- What to do
After locating the line that holds "this 1600×1200 image.", output it and all following lines word for word, stopping only at the end of the data.

- Record extracts
● ● ● ●
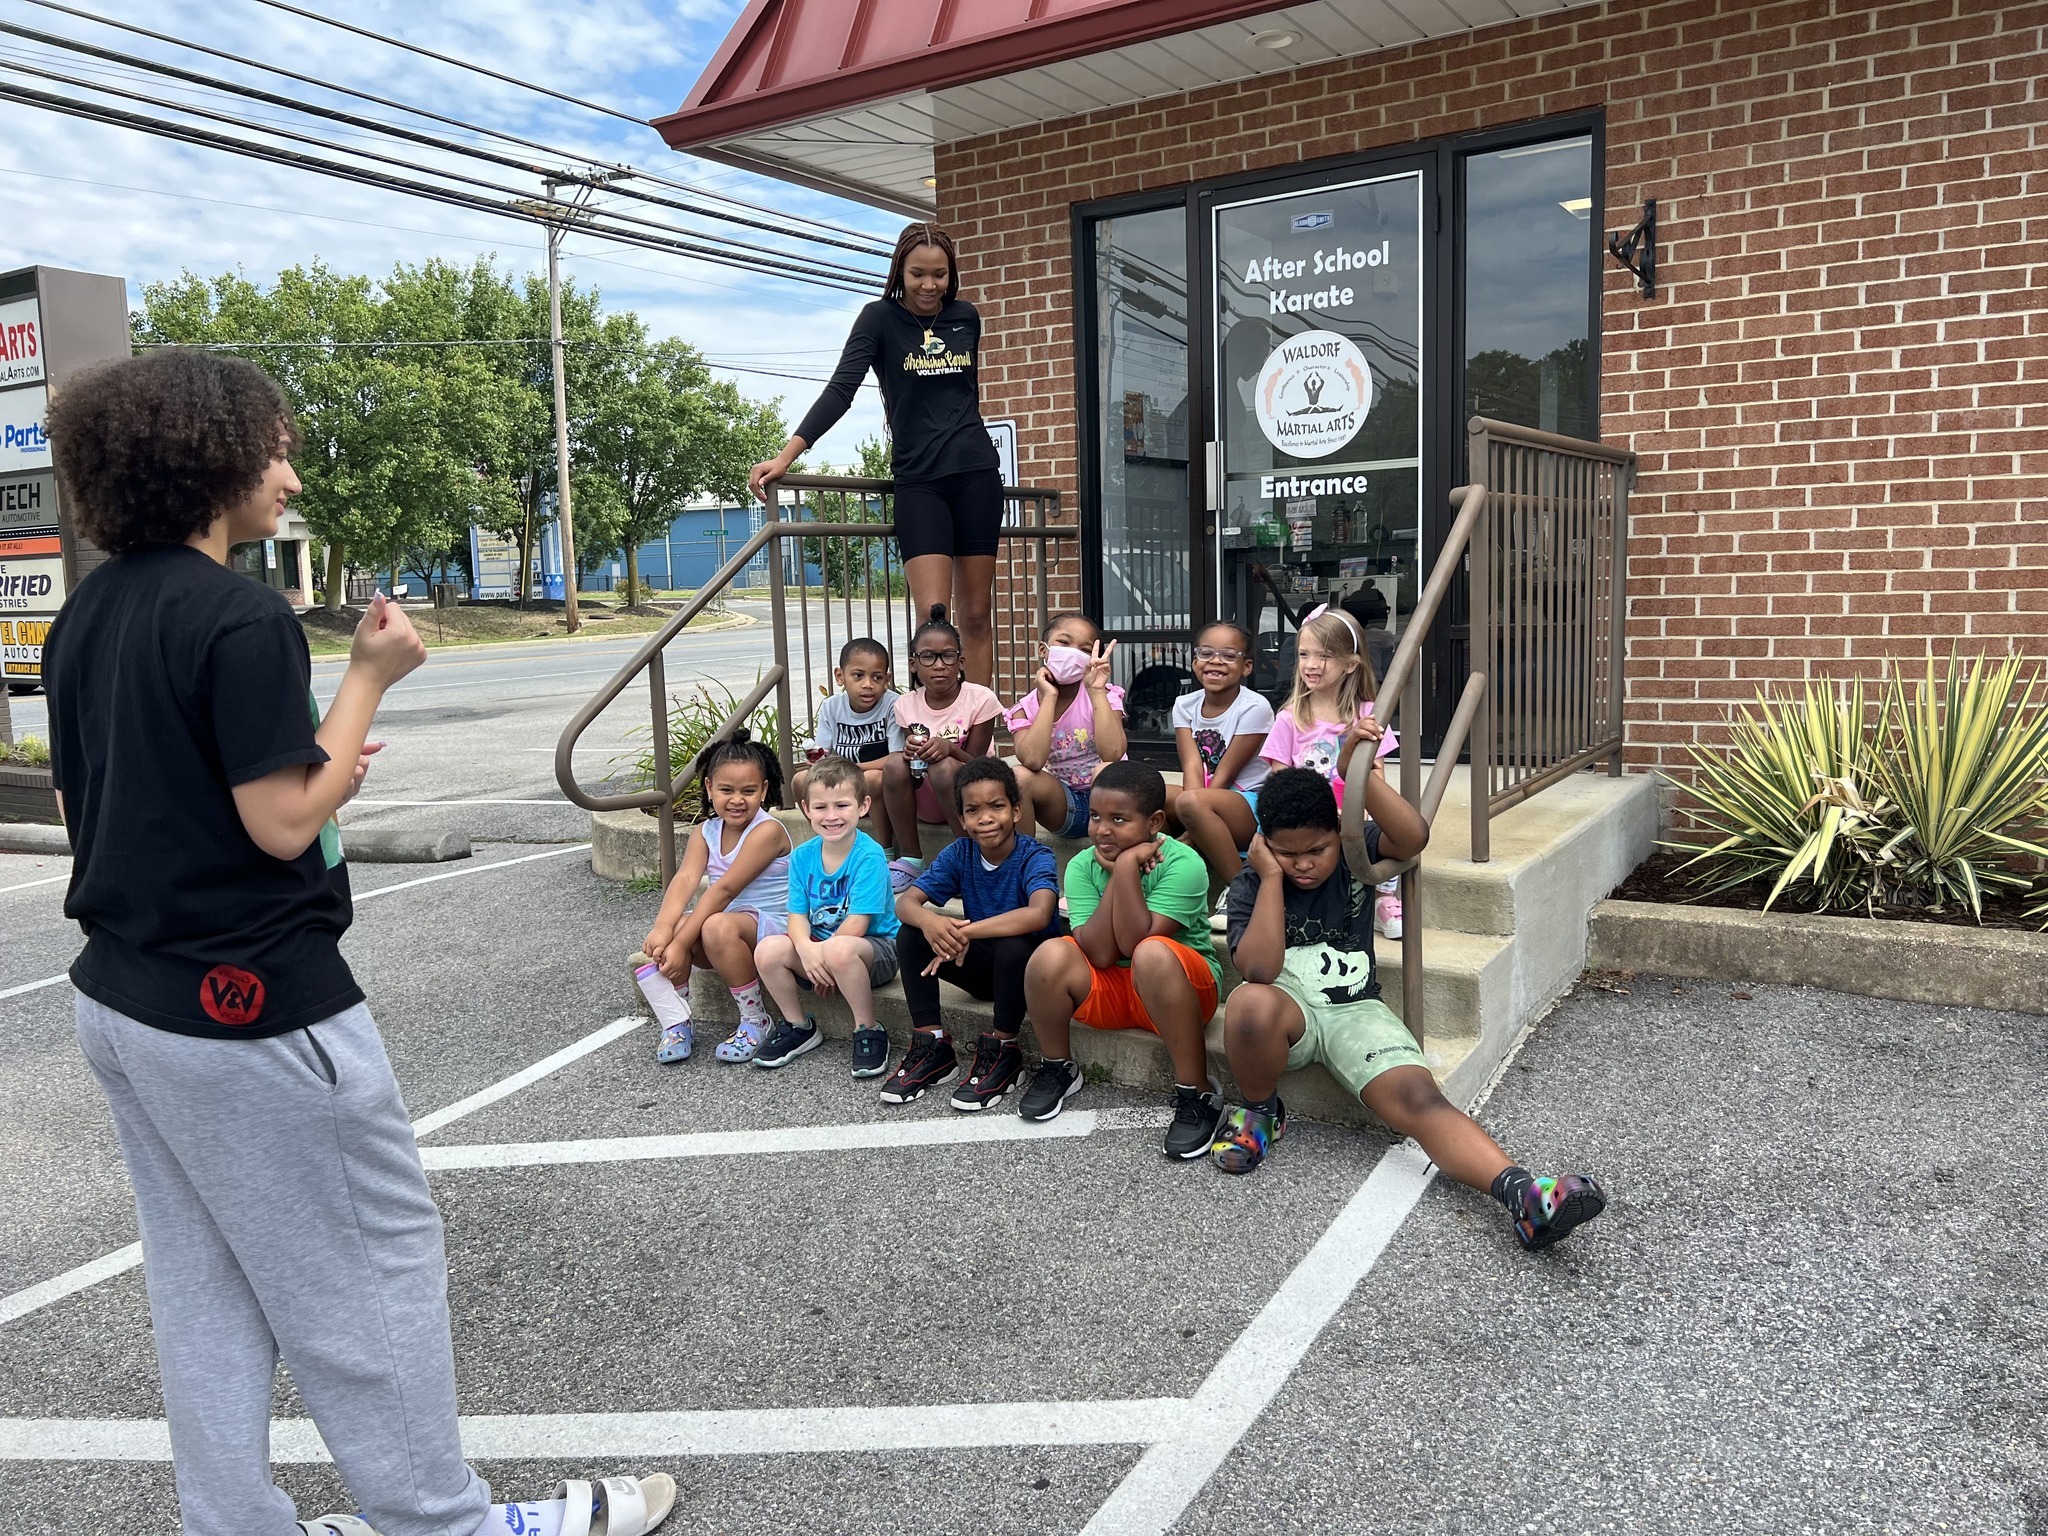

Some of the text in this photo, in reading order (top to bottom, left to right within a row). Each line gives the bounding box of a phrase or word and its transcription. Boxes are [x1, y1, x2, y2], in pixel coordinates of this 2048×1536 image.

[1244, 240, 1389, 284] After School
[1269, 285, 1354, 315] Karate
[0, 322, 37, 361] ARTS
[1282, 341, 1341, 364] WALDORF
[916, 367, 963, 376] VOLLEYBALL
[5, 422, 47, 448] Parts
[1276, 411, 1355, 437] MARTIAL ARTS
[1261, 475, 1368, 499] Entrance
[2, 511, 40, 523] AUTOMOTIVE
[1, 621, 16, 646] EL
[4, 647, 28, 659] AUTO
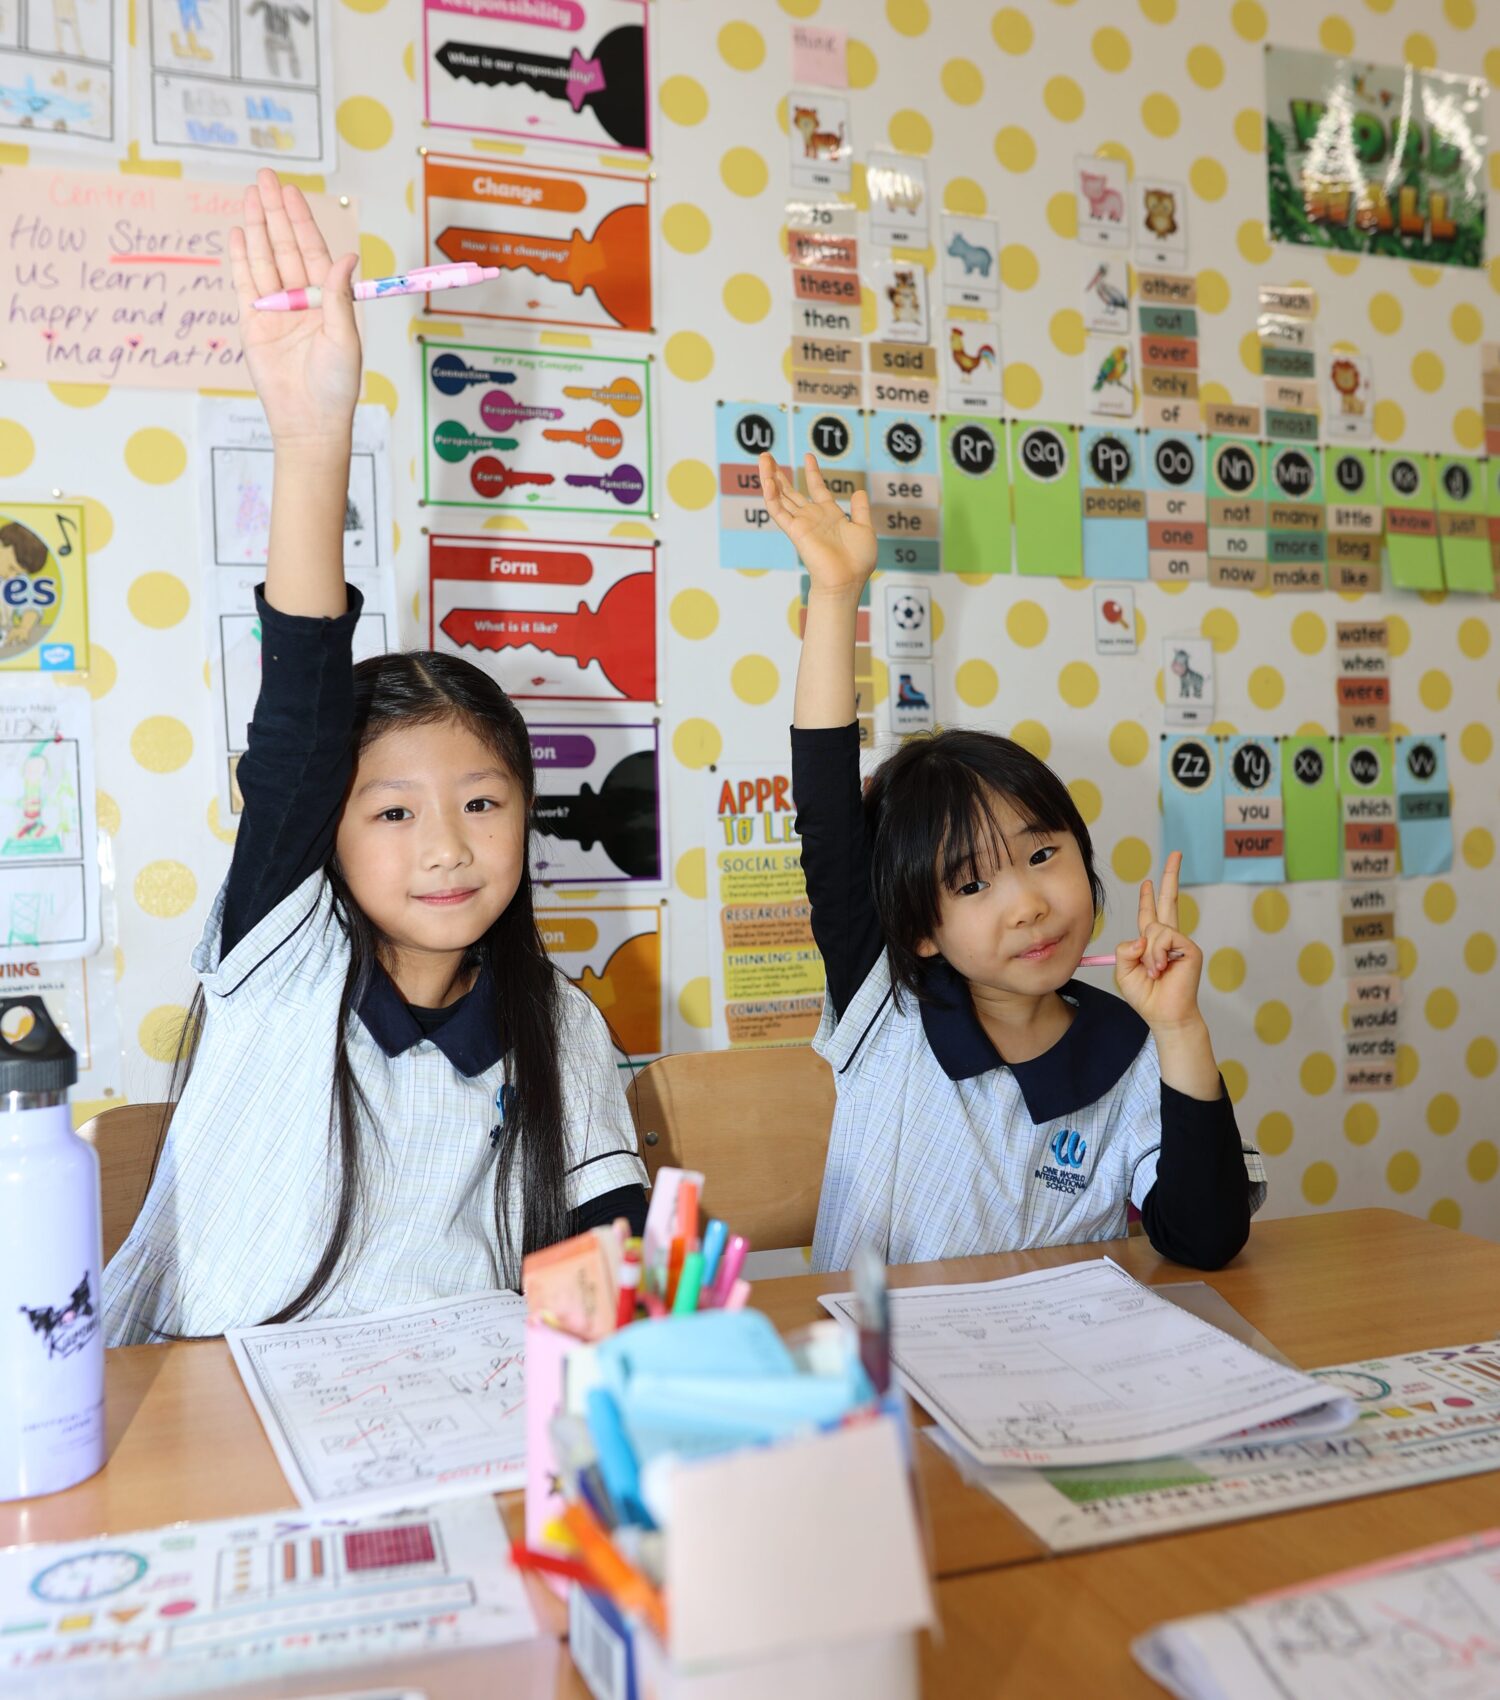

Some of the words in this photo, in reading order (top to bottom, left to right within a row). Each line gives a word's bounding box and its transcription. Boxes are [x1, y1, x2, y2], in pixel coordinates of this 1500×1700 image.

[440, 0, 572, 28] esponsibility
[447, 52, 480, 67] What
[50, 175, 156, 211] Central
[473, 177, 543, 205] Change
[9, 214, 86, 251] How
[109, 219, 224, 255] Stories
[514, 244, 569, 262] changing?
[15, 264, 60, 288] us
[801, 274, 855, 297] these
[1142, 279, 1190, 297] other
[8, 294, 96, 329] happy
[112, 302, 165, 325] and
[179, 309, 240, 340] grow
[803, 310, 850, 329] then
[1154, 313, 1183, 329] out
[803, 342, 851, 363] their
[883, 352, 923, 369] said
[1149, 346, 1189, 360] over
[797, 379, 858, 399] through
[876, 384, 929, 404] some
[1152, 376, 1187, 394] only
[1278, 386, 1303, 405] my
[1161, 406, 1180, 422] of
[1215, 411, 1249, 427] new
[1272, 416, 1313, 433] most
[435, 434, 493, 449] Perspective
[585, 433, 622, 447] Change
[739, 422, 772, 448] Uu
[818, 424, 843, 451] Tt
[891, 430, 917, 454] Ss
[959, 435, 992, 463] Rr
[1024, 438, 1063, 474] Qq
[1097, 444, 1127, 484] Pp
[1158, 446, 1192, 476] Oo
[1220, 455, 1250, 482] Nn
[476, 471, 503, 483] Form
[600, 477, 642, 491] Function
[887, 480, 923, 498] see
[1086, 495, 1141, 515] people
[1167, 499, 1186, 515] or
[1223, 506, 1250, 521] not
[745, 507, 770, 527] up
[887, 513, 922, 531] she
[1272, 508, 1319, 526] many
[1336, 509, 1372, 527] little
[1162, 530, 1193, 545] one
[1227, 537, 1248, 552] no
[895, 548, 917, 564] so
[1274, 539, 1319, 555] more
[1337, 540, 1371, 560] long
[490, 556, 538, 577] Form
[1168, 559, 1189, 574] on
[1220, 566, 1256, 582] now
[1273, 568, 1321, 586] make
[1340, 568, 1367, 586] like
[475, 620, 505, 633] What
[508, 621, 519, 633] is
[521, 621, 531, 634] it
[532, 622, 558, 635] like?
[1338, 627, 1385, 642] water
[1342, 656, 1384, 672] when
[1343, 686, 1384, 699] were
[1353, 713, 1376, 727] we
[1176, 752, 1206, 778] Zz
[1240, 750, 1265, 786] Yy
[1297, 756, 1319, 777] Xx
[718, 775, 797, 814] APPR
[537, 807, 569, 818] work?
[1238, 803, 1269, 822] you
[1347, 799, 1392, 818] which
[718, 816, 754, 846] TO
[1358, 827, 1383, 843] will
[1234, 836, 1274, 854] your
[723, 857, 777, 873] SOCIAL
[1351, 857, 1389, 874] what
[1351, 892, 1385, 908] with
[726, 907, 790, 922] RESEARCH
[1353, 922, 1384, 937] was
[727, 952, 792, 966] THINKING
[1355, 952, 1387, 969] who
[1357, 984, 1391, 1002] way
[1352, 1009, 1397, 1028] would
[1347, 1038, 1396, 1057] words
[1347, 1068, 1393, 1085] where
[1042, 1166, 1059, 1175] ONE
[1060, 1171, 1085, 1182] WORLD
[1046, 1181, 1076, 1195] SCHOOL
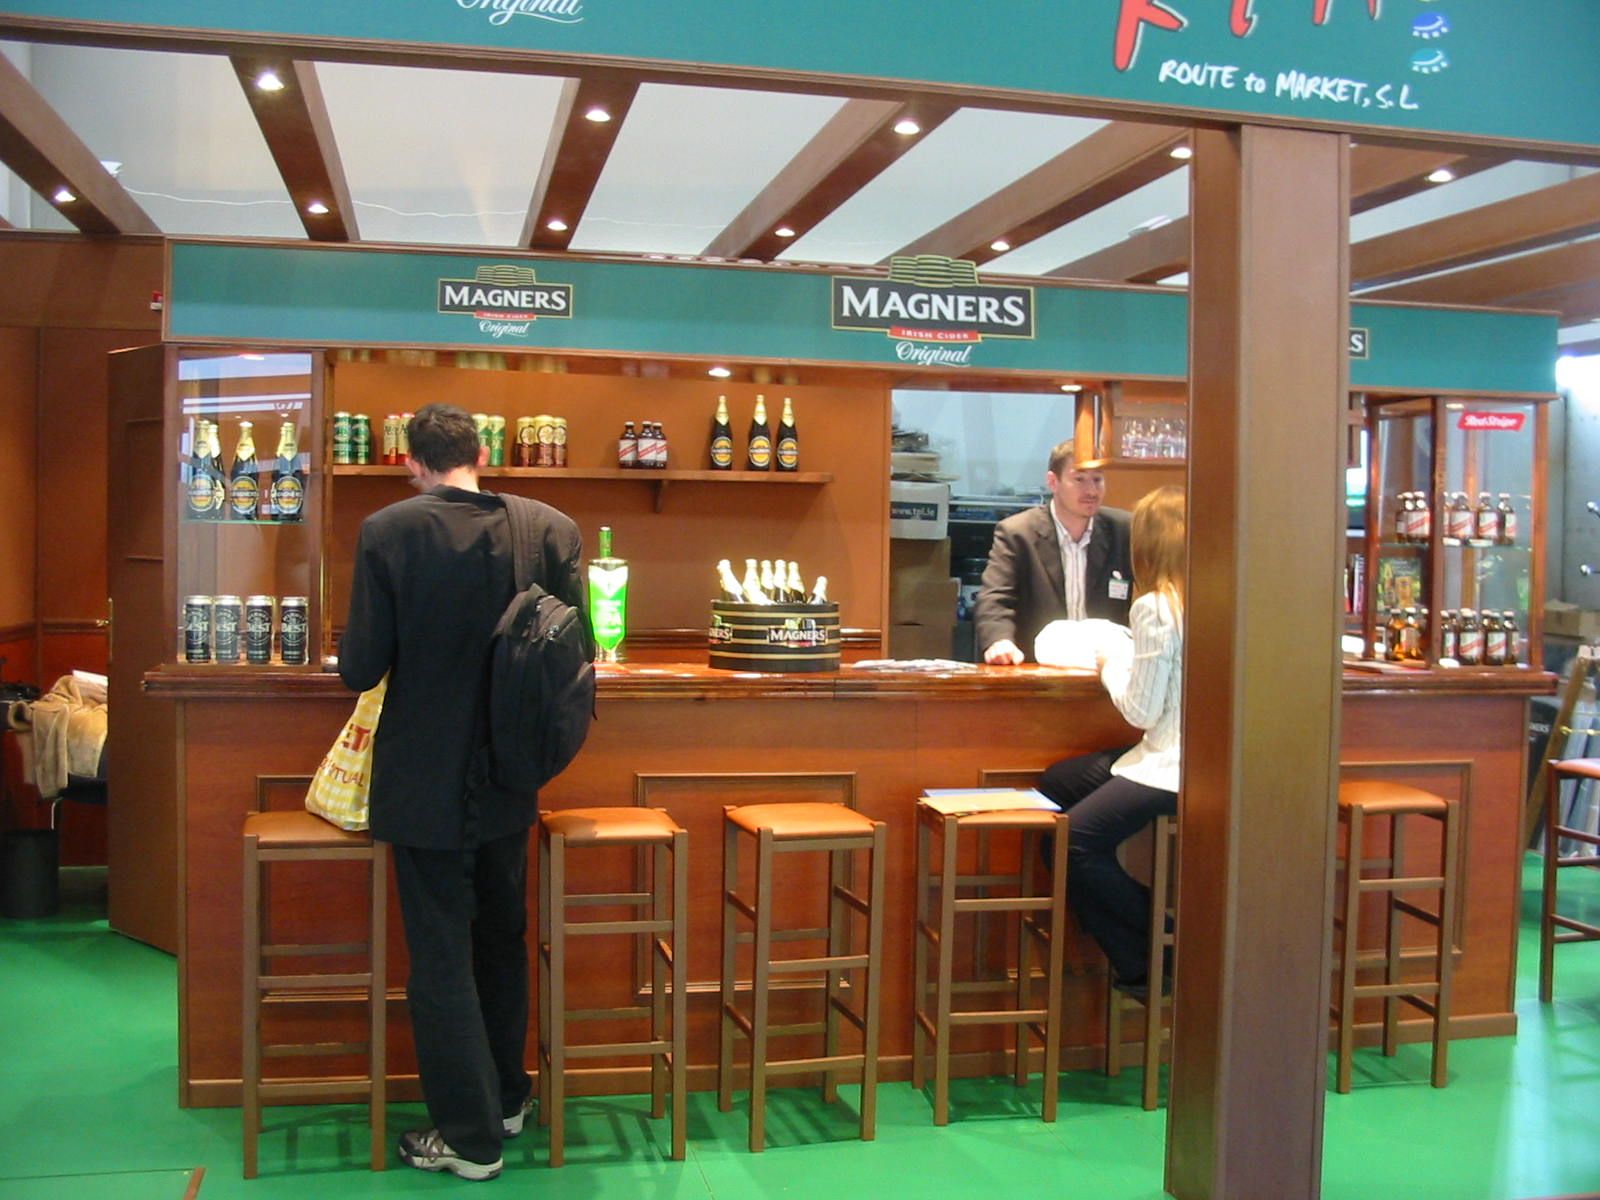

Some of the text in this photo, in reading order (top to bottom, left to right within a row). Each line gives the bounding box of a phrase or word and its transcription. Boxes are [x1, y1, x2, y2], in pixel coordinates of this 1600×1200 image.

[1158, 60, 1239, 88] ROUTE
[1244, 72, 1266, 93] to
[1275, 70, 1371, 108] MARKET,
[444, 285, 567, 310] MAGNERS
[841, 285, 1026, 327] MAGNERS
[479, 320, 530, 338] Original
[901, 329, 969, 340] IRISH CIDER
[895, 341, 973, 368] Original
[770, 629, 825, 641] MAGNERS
● ● ● ●
- Exercise output
Some of the text in this photo, in reading order (top to bottom, left to right within a row). Each line gives the bounding box of a phrase or word and its transcription. Boxes are [x1, y1, x2, y2], in pixel coordinates of this 1600×1200 image.

[1158, 60, 1239, 88] ROUTE
[1244, 72, 1266, 93] to
[1275, 70, 1371, 108] MARKET,
[444, 285, 567, 310] MAGNERS
[841, 285, 1026, 327] MAGNERS
[479, 320, 530, 338] Original
[901, 329, 969, 340] IRISH CIDER
[895, 341, 973, 368] Original
[770, 629, 825, 641] MAGNERS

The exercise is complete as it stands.